THOMPSON CADILLAC-OLDSMOBILE, INC.,
Defendant - Appellant.
No. 06-2325
TRUDY BENSON,
Plaintiff - Appellant,
and
LYNN MIMS,
Plaintiff,
v.
THOMPSON CADILLAC-OLDSMOBILE, INC.,
Defendant - Appellee.
Appeals from the United States District Court for the Eastern
District of North Carolina, at Wilmington. James C. Fox, Senior
District Judge. (5:04-cv-00237-F)
Argued: May 14, 2008 Decided: July 23, 2008
Before WILKINSON and KING, Circuit Judges, and Jackson L. KISER,
Senior United States District Judge for the Western District of
Virginia, sitting by designation.
Affirmed by unpublished per curiam opinion.
ARGUED: Lyn Karen Broom, TEAGUE, ROTENSTREICH, STANALAND, FOX &
HOLT, LLP, Greensboro, North Carolina, for Thompson Cadillac-
Oldsmobile, Inc. Anthony Mark Brannon, HAIRSTON, LANE, BRANNON,
PLLC, Raleigh, North Carolina, for Trudy Benson.

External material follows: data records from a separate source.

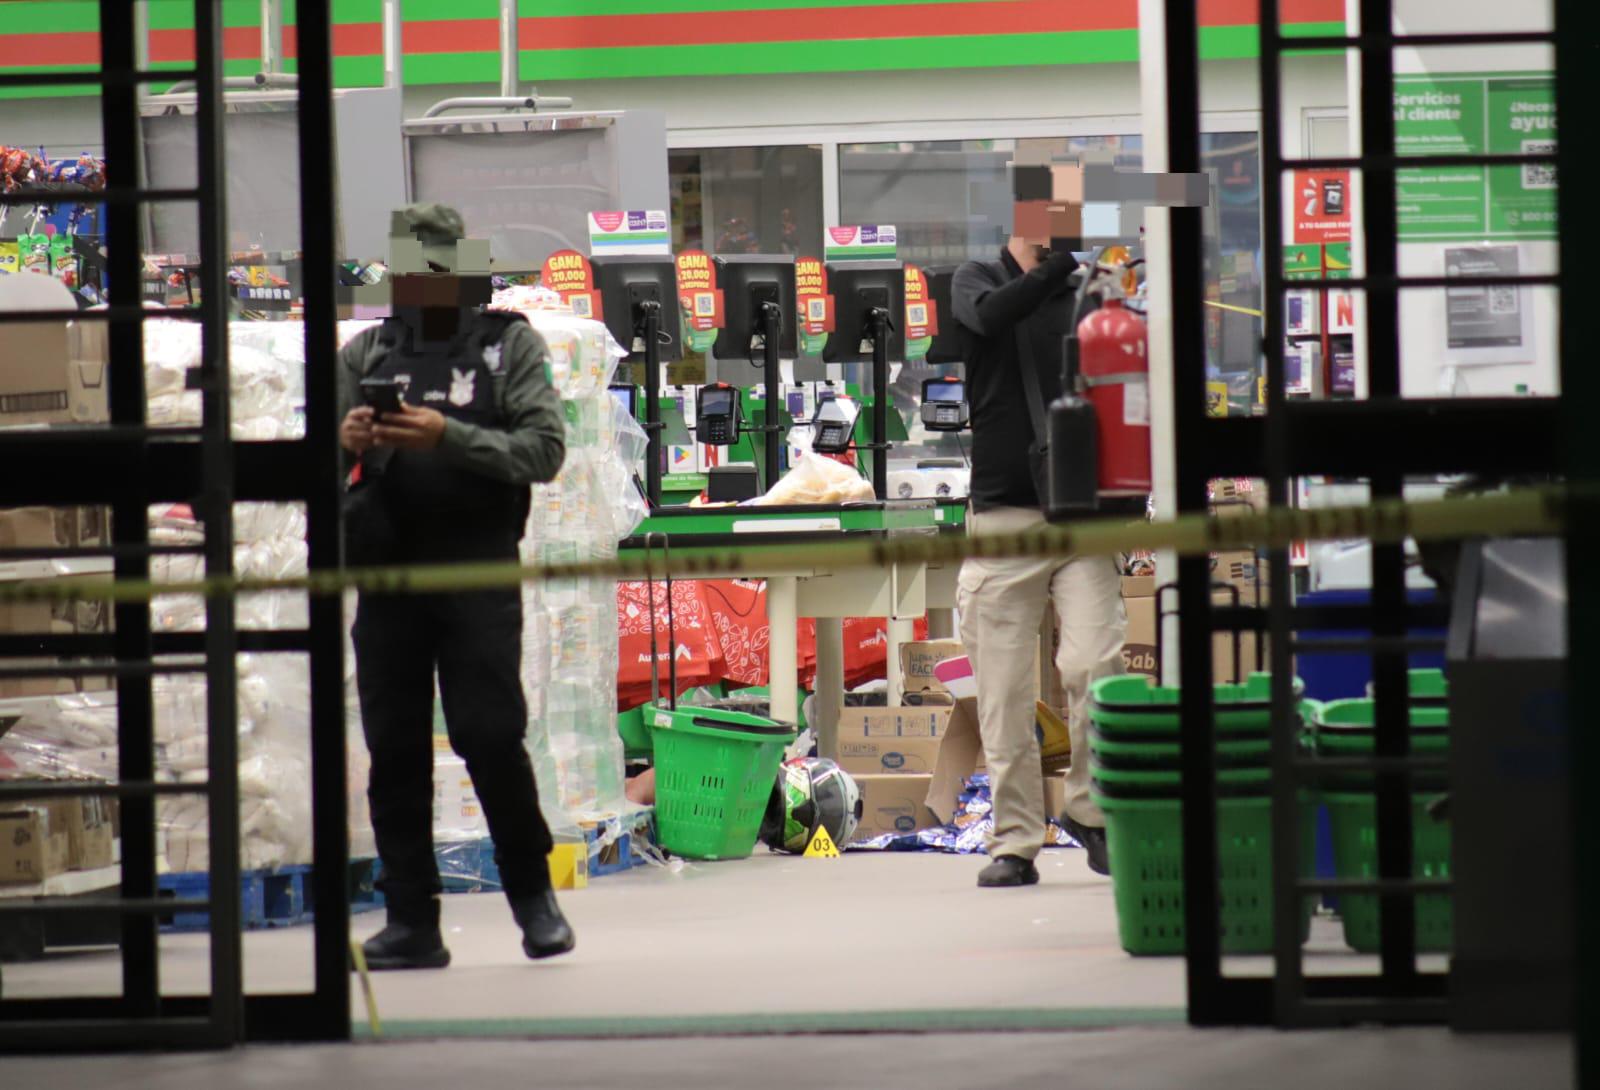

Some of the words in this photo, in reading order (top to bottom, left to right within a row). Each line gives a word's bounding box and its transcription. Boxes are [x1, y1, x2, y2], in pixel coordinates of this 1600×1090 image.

[1408, 107, 1461, 121] cliente
[549, 256, 583, 270] GANA
[678, 255, 708, 269] GANA
[552, 270, 586, 283] 20,000
[681, 270, 710, 281] 20,000
[1122, 649, 1157, 669] Sab
[813, 839, 830, 851] 03

ON BRIEF: Paul A.
Daniels, TEAGUE, ROTENSTREICH, STANALAND, FOX & HOLT, LLP,
Greensboro, North Carolina, for Thompson Cadillac-Oldsmobile, Inc.
James E. Hairston, HAIRSTON, LANE, BRANNON, PLLC, Raleigh, North
Carolina, for Trudy Benson.
Unpublished opinions are not binding precedent in this circuit.
2
PER CURIAM:
Defendant Thompson Cadillac-Oldsmobile, Inc. (“TCO”) appeals
from an adverse judgment, entered after a jury trial conducted in
the Eastern District of North Carolina, in favor of plaintiff Trudy
Benson on a hostile work environment claim pursued under Title VII
of the Civil Rights Act of 1964.1 In particular, TCO contends that
the district court erred in (1) denying its motion for judgment as
a matter of law; (2) awarding back pay; and (3) awarding attorneys’

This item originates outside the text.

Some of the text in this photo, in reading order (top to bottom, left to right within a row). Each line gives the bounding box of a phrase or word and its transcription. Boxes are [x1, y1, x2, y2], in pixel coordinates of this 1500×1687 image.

fees. See Benson v. Thompson Cadillac-Oldsmobile, Inc., No. 5:04-
cv-00237-F (E.D.N.C. July 18, 2006) (denying TCO’s motion for
judgment as matter of law, granting Benson’s motion for back pay,
and denying her motion for front pay) (the “Order”); Benson v.
Thompson Cadillac-Oldsmobile, Inc., No. 5:04-cv-00237-F (E.D.N.C.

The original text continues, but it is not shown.